Additional Covenants of MassMutual. (a) From and after the Effective Time, except as otherwise required to comply with applicable Law and subject to any applicable terms and conditions of the Reinsurance Agreement and the applicable Covered Insurance Policies, MassMutual shall (i) not voluntarily amend, modify or terminate any Investment Product Agreements (including with respect to any Fund option) or any Investment Management Agreements, in each case, to the extent related to the Covered Insurance Policies in any manner without the Administrator’s prior written consent, which shall not be unreasonably withheld, conditioned or delayed; and (ii) not initiate or, without the prior written consent of Administrator, voluntarily consent to any termination, modification or amendment of any Investment Product Agreement between MassMutual and an Investment Product Provider or any Investment Management Agreement between MassMutual and a Managed Account Adviser, in each case, to the extent related to the Covered Insurance Policies, if such termination, modification or amendment would (A) materially reduce any amounts paid to MassMutual pursuant to administrative, distribution or other service arrangements in place with respect to the applicable Funds or (B) materially and adversely affect the terms on which the applicable Funds are available for investment under the Covered Insurance Policies, including by making a Fund unavailable, reducing the services provided by a Fund or making administrative changes that would materially increase the cost of the Administrator hereunder.

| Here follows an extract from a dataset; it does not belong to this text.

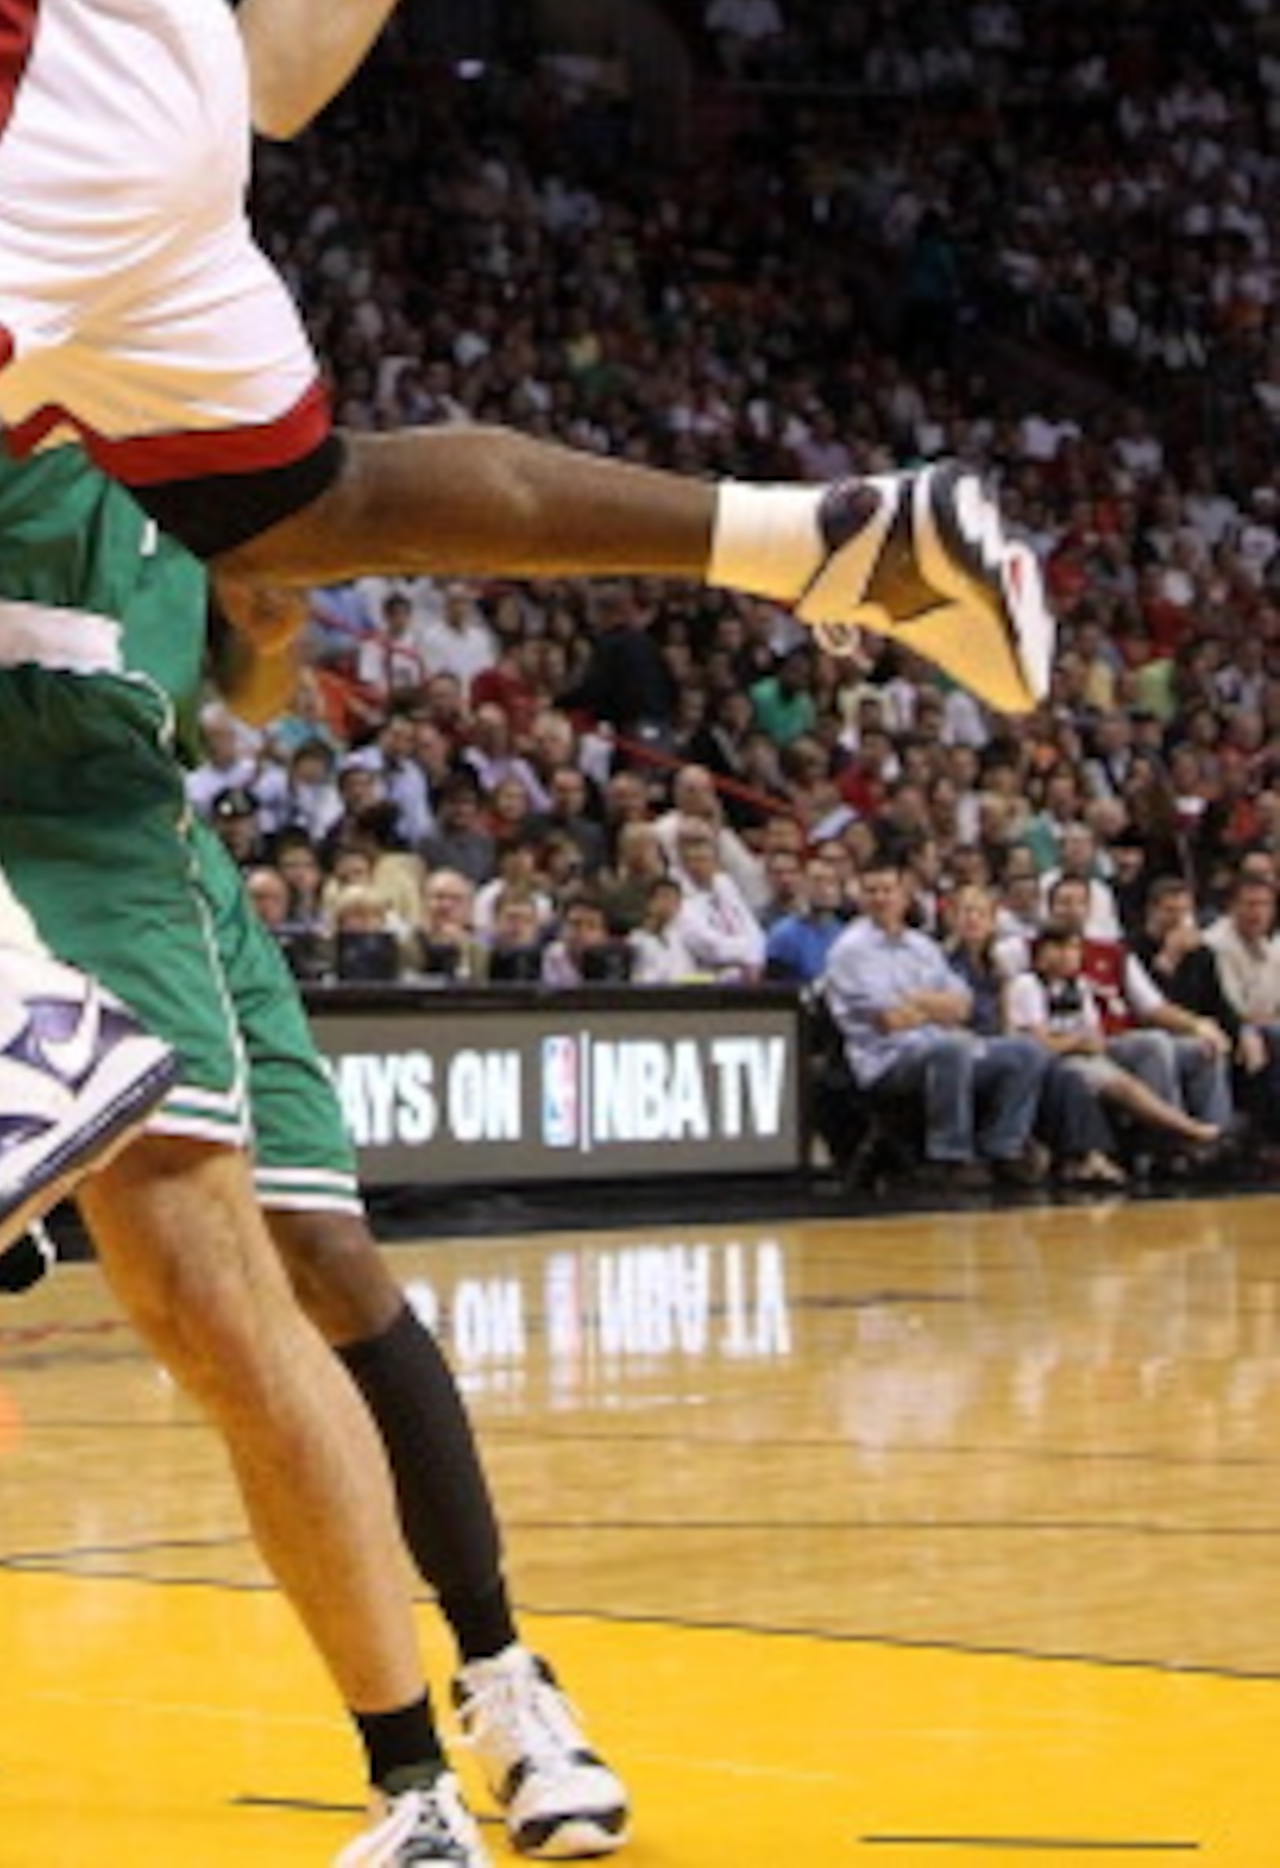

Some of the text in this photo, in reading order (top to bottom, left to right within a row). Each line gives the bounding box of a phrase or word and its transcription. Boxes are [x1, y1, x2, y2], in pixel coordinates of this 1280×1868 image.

[322, 1036, 786, 1147] AYS ON NBA TV

To the extent such knowledge does not originate with the Administrator, MassMutual shall provide the Administrator with prompt notice after MassMutual becomes aware of any written proposal by any counterparty to any Investment Product Agreement or Investment Management Agreement to terminate any such Investment Product Agreement or Investment Management Agreement or to amend or reduce or increase any amounts payable under any such Investment Product Agreement or Investment Management Agreement with respect to the Covered Insurance Policies.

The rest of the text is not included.